Watch the teacher solve the problem with clear explanations

00:00 Solve

00:03 First, let's mark the number of squares we have according to the given data

00:07 Now subtract (remove) the number of squares according to the corresponding fraction

00:15 The remaining number of squares is the numerator of the answer

00:19 The denominator of the answer equals the number of parts we divided the whole into:

00:23 And this is the solution to the question

Step-by-step written solution

Follow each step carefully to understand the complete solution

Understand the problem

Solve the following exercise:

$\frac{6}{6}-\frac{3}{6}=\text{?}$

Step-by-step solution

Let's solve the problem $\frac{6}{6} - \frac{3}{6}$ .

First, it's important to note that we're dealing with fractions that have the same denominator.
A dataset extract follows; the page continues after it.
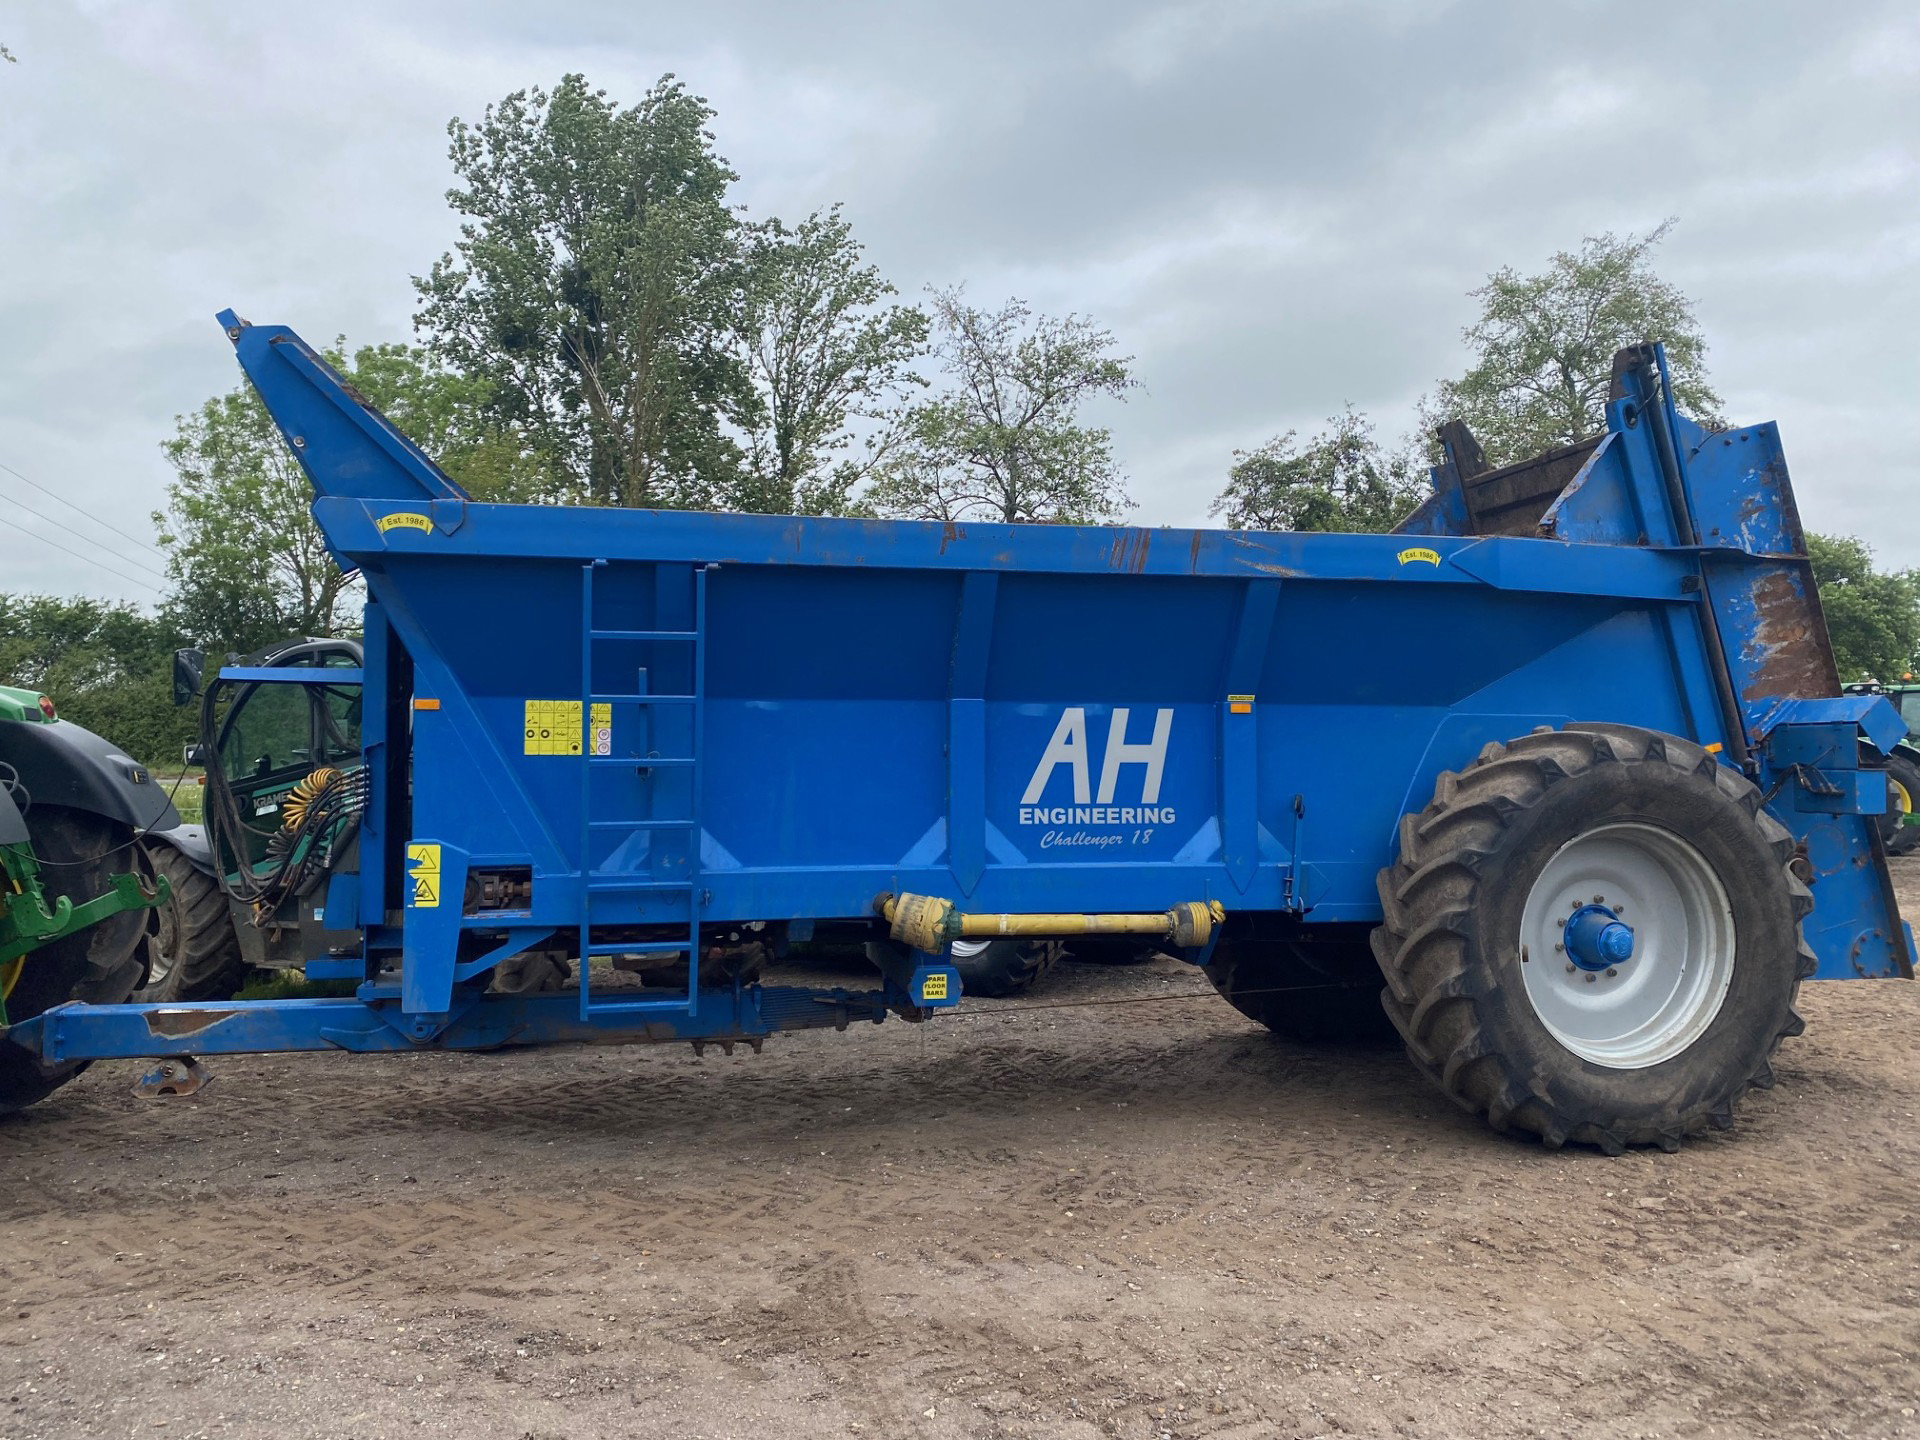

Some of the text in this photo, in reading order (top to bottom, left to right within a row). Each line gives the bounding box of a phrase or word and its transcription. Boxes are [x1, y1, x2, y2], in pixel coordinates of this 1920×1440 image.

[387, 517, 424, 526] Est. 1986
[1020, 707, 1174, 804] AH
[1019, 807, 1176, 825] ENGINEERING
[1040, 828, 1154, 850] Challenger 18
This allows us to subtract the numerators directly while keeping the denominator unchanged.

Here are the steps we'll follow:

Step 1: Identify the fractions involved: $\frac{6}{6}$ and $\frac{3}{6}$ .
Step 2: Subtract the numerators of the fractions: $6 - 3$ .
Step 3: Keep the denominator the same: $6$ .
Step 4: Combine the results to form the new fraction.

Now let's proceed with the calculation:

Step 2: Subtract the numerators: $6 - 3 = 3$ .

Step 3: Since the denominators are the same, the new denominator remains $6$ .

Step 4: Combine the results: This gives us the fraction $\frac{3}{6}$ .

Therefore, the solution to the problem $\frac{6}{6} - \frac{3}{6}$ is $\frac{3}{6}$ .

Final Answer

$\frac{3}{6}$

Key Points to Remember

Essential concepts to master this topic

Rule: Subtract numerators when denominators are the same
Technique: Calculate 6 - 3 = 3, keep denominator 6
Check: Verify $\frac{6}{6} - \frac{3}{6} = \frac{3}{6}$ by adding back ✓

Common Mistakes

Avoid these frequent errors

Subtracting denominators along with numerators
Don't subtract both 6-3 in numerator AND 6-6 in denominator = wrong fraction structure! This creates meaningless expressions like 3/0. Always keep the denominator unchanged when denominators are the same.

Practice Quiz

Test your knowledge with interactive questions

Solve the following exercise:

$\frac{3}{2}-\frac{1}{2}=\text{?}$

FAQ

Everything you need to know about this question

Why don't I subtract the denominators too?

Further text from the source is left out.